不良と不良

「、、、なぁ、そろそろえぇかぁ?」

ブランチが面白くなさそうにミーアを呼ぶ。

「あっ、はいはい、ごめん!もっかいリスト見せて!」

そういってブランチに駆け寄った。

「えーとね、、これとー、、これならうちの保管庫にあるよ。あとはー、これはわりと近くに群生してる。あとで地図書くよ、それから、これは、、、」
、、、、

しばらく顔を突合せて2人で食材について話していると、ゼブラが少しイライラしながら、おかわりの要求をしてきた。

「、、、てめぇら、知り合いだったのかよ」
ゼブラが問うと、ミーアがきょとんとした顔で答えた。

「私とブランチの事か?あぁ、そうだよ。だって、私、修行時代に、ほんの少しほど天狗の城にいたからな!」

とサラッと答えて空の茶碗を持って厨房へ行ってしまった。

「え、、?えぇぇーーーぇえーー!?!?!?」

フロアにトリコと小松の大きな声が響いた。

、、、、
「このくらいでいいか?」
厨房で茶碗を山盛りいっぱいにしたミーアが何食わぬ顔で帰ってきてゼブラに手渡す。

「えっ、ちょっ、、ねぇ!ミーアさん、妖食界にいたんですか!?」

小松が驚いた顔で迫る。

「うん、居たよ。ほんの少しだけどな!」

「あ、あそこって、、簡単に行ける場所じゃないのに、どうして!?」

「うん、確かにあそこは1人じゃ無理だったな!ははは!」
あっさりと返すミーア。

「いや、はははって、、一体どうやって行ったんですか!?」

「それは、ワシのおかげや!」
ブランチが長い鼻をフフんとならして前に出てきた。

「ワシが優勝した年のグルメフェスの帰りにこいつに偶然おおて、妖食界行きたいゆうから、おもろいやつなーおもて連れてったんや!あん時はまだまだこんまいガキんちょやったのになぁ、、」

「そうそう!立ち往生してたところに、現れて、それで」

懐かしむように話し出す。

ゼブラは、黙って食事をしていた。

「しかし、またなんで、妖食界に行きたいと思ったんだよ」
トリコもまだ目を丸くしている。

「そりゃあ、色んな料理を勉強したかったからだ。
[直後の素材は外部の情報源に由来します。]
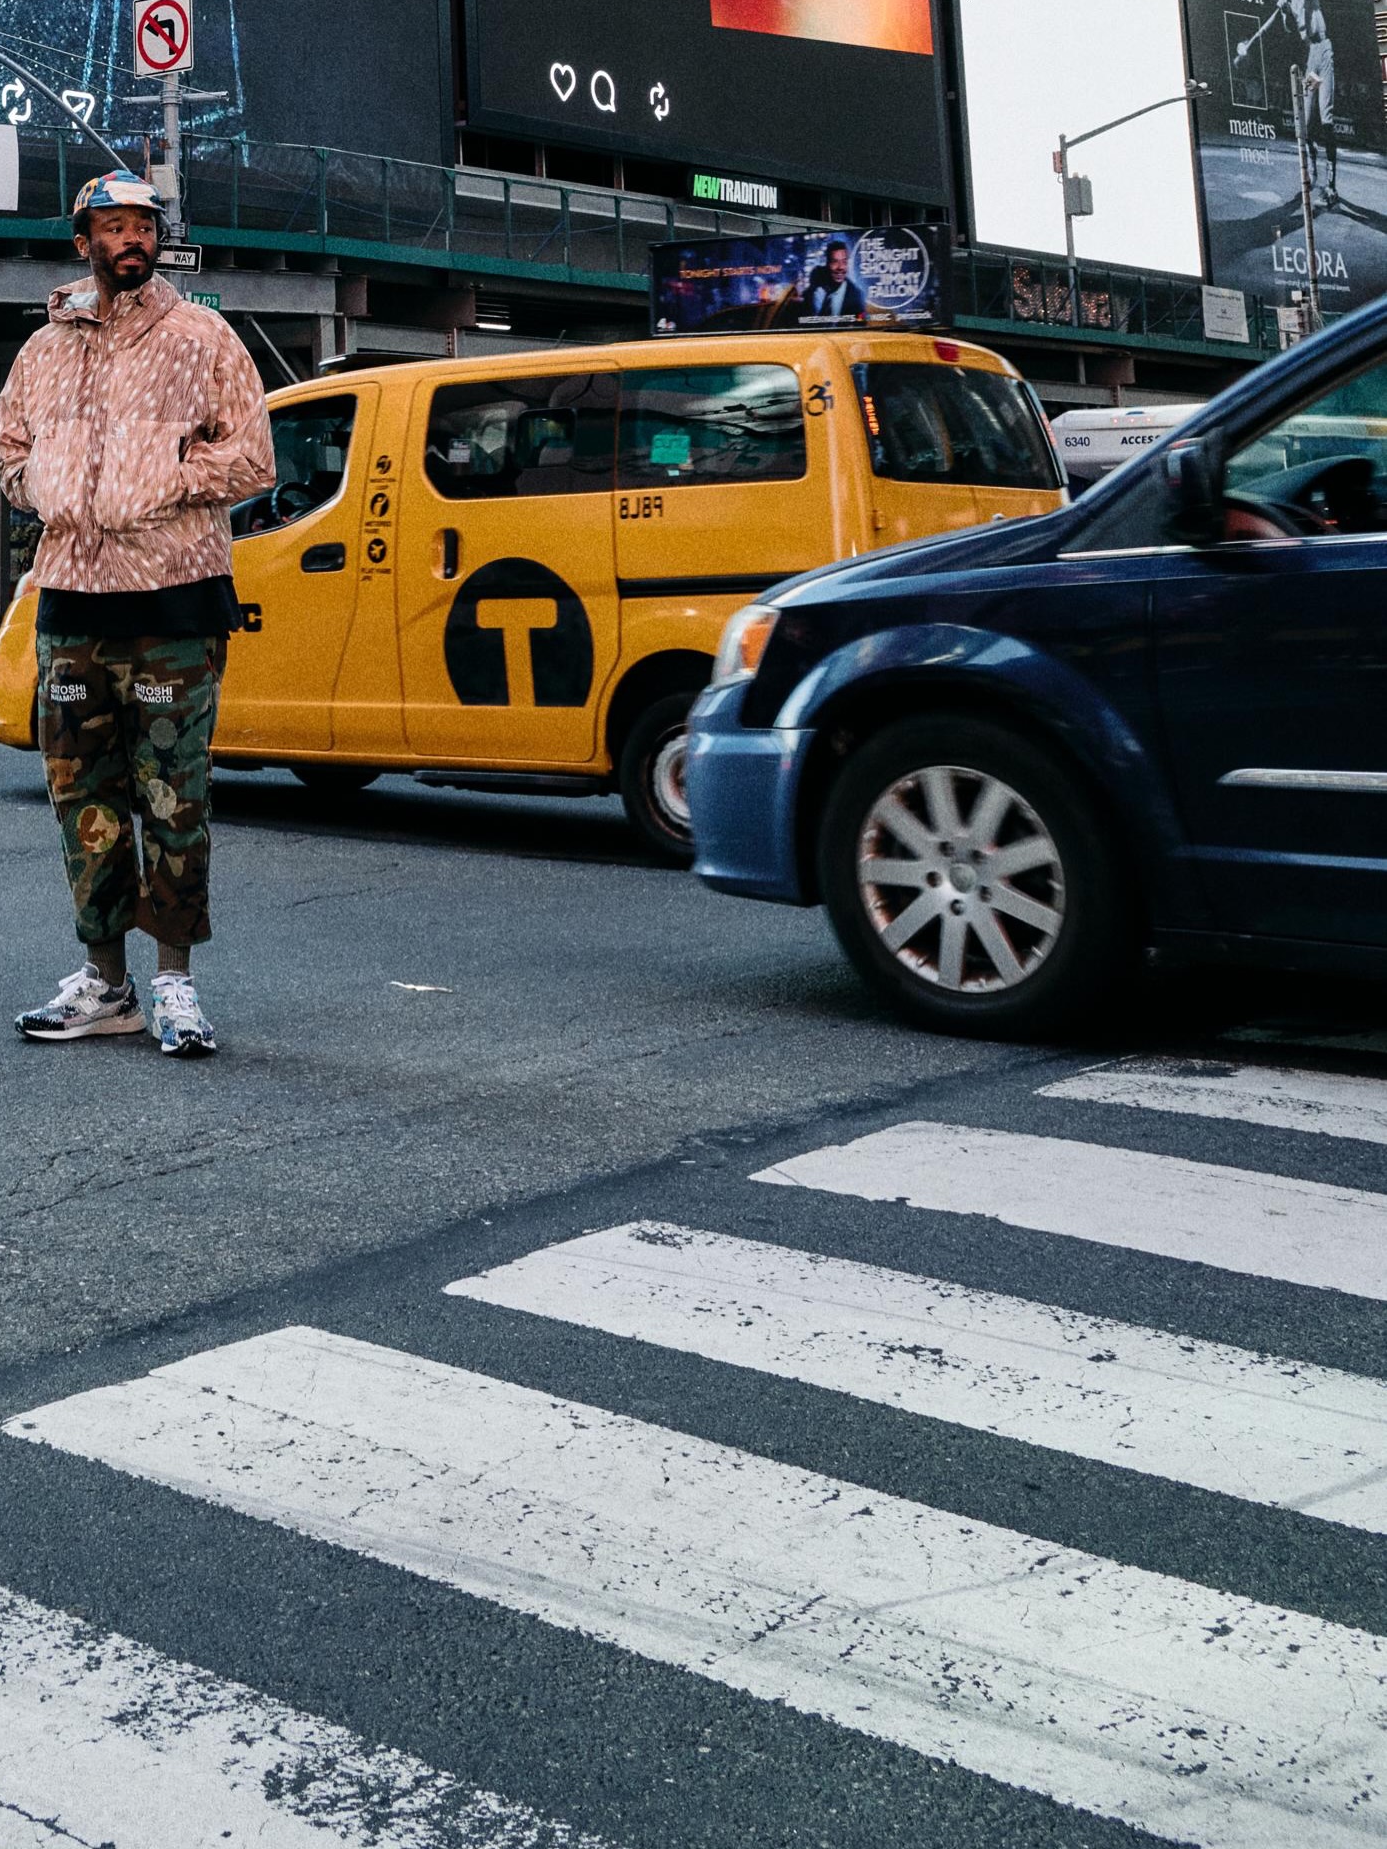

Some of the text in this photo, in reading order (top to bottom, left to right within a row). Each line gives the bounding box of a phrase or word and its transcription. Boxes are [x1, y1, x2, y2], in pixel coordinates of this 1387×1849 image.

ただそれだけ。まだ、店持つずっと前の話だよ」

「ミーアさんの調理技術は、調理修行の旅で得られたものだったんだ、、だから、他の国の人達の食事もなんなく対応できたのか、、あの時の臨機応変で俊敏な動きや大量調理の厨房の雰囲気に慣れてたのも納得だ、、、!」
小松は応援に来た時のことを思い出していた。

「こいつ、根性と負けん気だけは、どの奴らよりもあったからなぁ。ほんっまおもろいやつやったでー!」

「へぇ!そうだったのか!負けん気の強さ、か。今のミーア見てたらわかる気がするなぁ!」
トリコもうんうん、と、頷いた。